BEGIN
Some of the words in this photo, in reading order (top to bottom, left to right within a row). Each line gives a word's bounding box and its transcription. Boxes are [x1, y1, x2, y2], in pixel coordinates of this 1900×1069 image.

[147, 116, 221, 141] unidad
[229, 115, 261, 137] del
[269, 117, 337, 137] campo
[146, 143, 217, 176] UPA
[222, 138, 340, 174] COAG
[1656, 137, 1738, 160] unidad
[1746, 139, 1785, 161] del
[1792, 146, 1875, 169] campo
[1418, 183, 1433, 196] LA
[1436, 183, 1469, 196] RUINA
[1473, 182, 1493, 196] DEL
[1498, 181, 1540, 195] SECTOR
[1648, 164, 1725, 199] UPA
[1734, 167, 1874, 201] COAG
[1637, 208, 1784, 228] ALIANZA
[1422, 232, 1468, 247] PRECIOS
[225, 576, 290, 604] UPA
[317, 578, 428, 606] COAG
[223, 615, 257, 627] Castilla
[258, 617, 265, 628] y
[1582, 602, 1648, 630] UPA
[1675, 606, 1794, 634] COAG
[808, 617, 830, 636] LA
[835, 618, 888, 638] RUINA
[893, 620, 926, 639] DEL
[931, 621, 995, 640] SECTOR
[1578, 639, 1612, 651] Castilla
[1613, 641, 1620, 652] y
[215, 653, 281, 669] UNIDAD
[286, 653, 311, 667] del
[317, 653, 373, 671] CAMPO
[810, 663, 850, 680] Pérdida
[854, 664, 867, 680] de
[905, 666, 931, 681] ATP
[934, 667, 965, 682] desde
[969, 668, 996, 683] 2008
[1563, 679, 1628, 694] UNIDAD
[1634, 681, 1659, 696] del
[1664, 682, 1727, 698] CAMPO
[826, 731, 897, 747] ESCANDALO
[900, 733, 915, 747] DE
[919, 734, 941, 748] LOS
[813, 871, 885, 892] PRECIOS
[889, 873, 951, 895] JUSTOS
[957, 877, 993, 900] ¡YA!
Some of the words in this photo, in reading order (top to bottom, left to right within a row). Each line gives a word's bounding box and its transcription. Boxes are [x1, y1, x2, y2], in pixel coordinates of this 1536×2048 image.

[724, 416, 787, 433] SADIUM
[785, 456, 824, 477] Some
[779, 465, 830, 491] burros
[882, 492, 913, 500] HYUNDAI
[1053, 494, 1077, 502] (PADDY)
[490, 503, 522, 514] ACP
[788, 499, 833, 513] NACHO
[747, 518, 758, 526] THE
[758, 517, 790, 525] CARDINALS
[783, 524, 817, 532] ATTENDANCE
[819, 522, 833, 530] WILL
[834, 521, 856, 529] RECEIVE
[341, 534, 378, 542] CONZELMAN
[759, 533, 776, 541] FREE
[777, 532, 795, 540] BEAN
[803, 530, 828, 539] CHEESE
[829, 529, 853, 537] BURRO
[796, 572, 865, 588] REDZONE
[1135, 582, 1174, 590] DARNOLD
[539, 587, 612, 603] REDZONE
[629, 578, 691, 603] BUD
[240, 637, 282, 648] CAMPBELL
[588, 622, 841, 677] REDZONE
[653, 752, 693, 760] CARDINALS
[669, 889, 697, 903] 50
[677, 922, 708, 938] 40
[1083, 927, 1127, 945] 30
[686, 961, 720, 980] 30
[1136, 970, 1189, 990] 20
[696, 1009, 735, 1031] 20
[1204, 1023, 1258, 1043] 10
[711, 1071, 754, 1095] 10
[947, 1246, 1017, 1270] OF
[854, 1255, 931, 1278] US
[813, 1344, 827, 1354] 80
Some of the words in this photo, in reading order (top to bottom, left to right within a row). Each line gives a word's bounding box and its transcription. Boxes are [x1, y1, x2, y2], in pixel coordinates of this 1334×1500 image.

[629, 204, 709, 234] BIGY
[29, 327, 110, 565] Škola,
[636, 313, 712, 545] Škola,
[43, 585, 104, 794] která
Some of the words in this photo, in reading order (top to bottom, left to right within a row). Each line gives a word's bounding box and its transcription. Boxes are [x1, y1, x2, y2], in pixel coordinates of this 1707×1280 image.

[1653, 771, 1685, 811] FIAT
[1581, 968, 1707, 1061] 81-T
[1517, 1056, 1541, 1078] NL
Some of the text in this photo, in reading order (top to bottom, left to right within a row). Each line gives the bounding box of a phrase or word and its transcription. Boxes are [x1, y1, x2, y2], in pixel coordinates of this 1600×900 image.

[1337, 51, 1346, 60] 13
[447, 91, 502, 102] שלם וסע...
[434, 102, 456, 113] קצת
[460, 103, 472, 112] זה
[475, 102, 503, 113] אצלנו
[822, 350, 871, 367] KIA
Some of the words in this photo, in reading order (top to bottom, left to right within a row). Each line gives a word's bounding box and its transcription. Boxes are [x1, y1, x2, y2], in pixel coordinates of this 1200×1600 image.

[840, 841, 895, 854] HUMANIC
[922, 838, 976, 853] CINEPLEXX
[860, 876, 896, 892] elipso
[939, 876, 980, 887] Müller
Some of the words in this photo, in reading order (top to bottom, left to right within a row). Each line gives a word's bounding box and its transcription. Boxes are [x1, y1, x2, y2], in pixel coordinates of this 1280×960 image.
END
Repeat the material word for word.

**Result of the exercise**:
Some of the words in this photo, in reading order (top to bottom, left to right within a row). Each line gives a word's bounding box and its transcription. Boxes are [x1, y1, x2, y2], in pixel coordinates of this 1900×1069 image.

[147, 116, 221, 141] unidad
[229, 115, 261, 137] del
[269, 117, 337, 137] campo
[146, 143, 217, 176] UPA
[222, 138, 340, 174] COAG
[1656, 137, 1738, 160] unidad
[1746, 139, 1785, 161] del
[1792, 146, 1875, 169] campo
[1418, 183, 1433, 196] LA
[1436, 183, 1469, 196] RUINA
[1473, 182, 1493, 196] DEL
[1498, 181, 1540, 195] SECTOR
[1648, 164, 1725, 199] UPA
[1734, 167, 1874, 201] COAG
[1637, 208, 1784, 228] ALIANZA
[1422, 232, 1468, 247] PRECIOS
[225, 576, 290, 604] UPA
[317, 578, 428, 606] COAG
[223, 615, 257, 627] Castilla
[258, 617, 265, 628] y
[1582, 602, 1648, 630] UPA
[1675, 606, 1794, 634] COAG
[808, 617, 830, 636] LA
[835, 618, 888, 638] RUINA
[893, 620, 926, 639] DEL
[931, 621, 995, 640] SECTOR
[1578, 639, 1612, 651] Castilla
[1613, 641, 1620, 652] y
[215, 653, 281, 669] UNIDAD
[286, 653, 311, 667] del
[317, 653, 373, 671] CAMPO
[810, 663, 850, 680] Pérdida
[854, 664, 867, 680] de
[905, 666, 931, 681] ATP
[934, 667, 965, 682] desde
[969, 668, 996, 683] 2008
[1563, 679, 1628, 694] UNIDAD
[1634, 681, 1659, 696] del
[1664, 682, 1727, 698] CAMPO
[826, 731, 897, 747] ESCANDALO
[900, 733, 915, 747] DE
[919, 734, 941, 748] LOS
[813, 871, 885, 892] PRECIOS
[889, 873, 951, 895] JUSTOS
[957, 877, 993, 900] ¡YA!
Some of the words in this photo, in reading order (top to bottom, left to right within a row). Each line gives a word's bounding box and its transcription. Boxes are [x1, y1, x2, y2], in pixel coordinates of this 1536×2048 image.

[724, 416, 787, 433] SADIUM
[785, 456, 824, 477] Some
[779, 465, 830, 491] burros
[882, 492, 913, 500] HYUNDAI
[1053, 494, 1077, 502] (PADDY)
[490, 503, 522, 514] ACP
[788, 499, 833, 513] NACHO
[747, 518, 758, 526] THE
[758, 517, 790, 525] CARDINALS
[783, 524, 817, 532] ATTENDANCE
[819, 522, 833, 530] WILL
[834, 521, 856, 529] RECEIVE
[341, 534, 378, 542] CONZELMAN
[759, 533, 776, 541] FREE
[777, 532, 795, 540] BEAN
[803, 530, 828, 539] CHEESE
[829, 529, 853, 537] BURRO
[796, 572, 865, 588] REDZONE
[1135, 582, 1174, 590] DARNOLD
[539, 587, 612, 603] REDZONE
[629, 578, 691, 603] BUD
[240, 637, 282, 648] CAMPBELL
[588, 622, 841, 677] REDZONE
[653, 752, 693, 760] CARDINALS
[669, 889, 697, 903] 50
[677, 922, 708, 938] 40
[1083, 927, 1127, 945] 30
[686, 961, 720, 980] 30
[1136, 970, 1189, 990] 20
[696, 1009, 735, 1031] 20
[1204, 1023, 1258, 1043] 10
[711, 1071, 754, 1095] 10
[947, 1246, 1017, 1270] OF
[854, 1255, 931, 1278] US
[813, 1344, 827, 1354] 80
Some of the words in this photo, in reading order (top to bottom, left to right within a row). Each line gives a word's bounding box and its transcription. Boxes are [x1, y1, x2, y2], in pixel coordinates of this 1334×1500 image.

[629, 204, 709, 234] BIGY
[29, 327, 110, 565] Škola,
[636, 313, 712, 545] Škola,
[43, 585, 104, 794] která
Some of the words in this photo, in reading order (top to bottom, left to right within a row). Each line gives a word's bounding box and its transcription. Boxes are [x1, y1, x2, y2], in pixel coordinates of this 1707×1280 image.

[1653, 771, 1685, 811] FIAT
[1581, 968, 1707, 1061] 81-T
[1517, 1056, 1541, 1078] NL
Some of the text in this photo, in reading order (top to bottom, left to right within a row). Each line gives the bounding box of a phrase or word and its transcription. Boxes are [x1, y1, x2, y2], in pixel coordinates of this 1600×900 image.

[1337, 51, 1346, 60] 13
[447, 91, 502, 102] שלם וסע...
[434, 102, 456, 113] קצת
[460, 103, 472, 112] זה
[475, 102, 503, 113] אצלנו
[822, 350, 871, 367] KIA
Some of the words in this photo, in reading order (top to bottom, left to right within a row). Each line gives a word's bounding box and its transcription. Boxes are [x1, y1, x2, y2], in pixel coordinates of this 1200×1600 image.

[840, 841, 895, 854] HUMANIC
[922, 838, 976, 853] CINEPLEXX
[860, 876, 896, 892] elipso
[939, 876, 980, 887] Müller
Some of the words in this photo, in reading order (top to bottom, left to right within a row). Each line gives a word's bounding box and its transcription. Boxes are [x1, y1, x2, y2], in pixel coordinates of this 1280×960 image.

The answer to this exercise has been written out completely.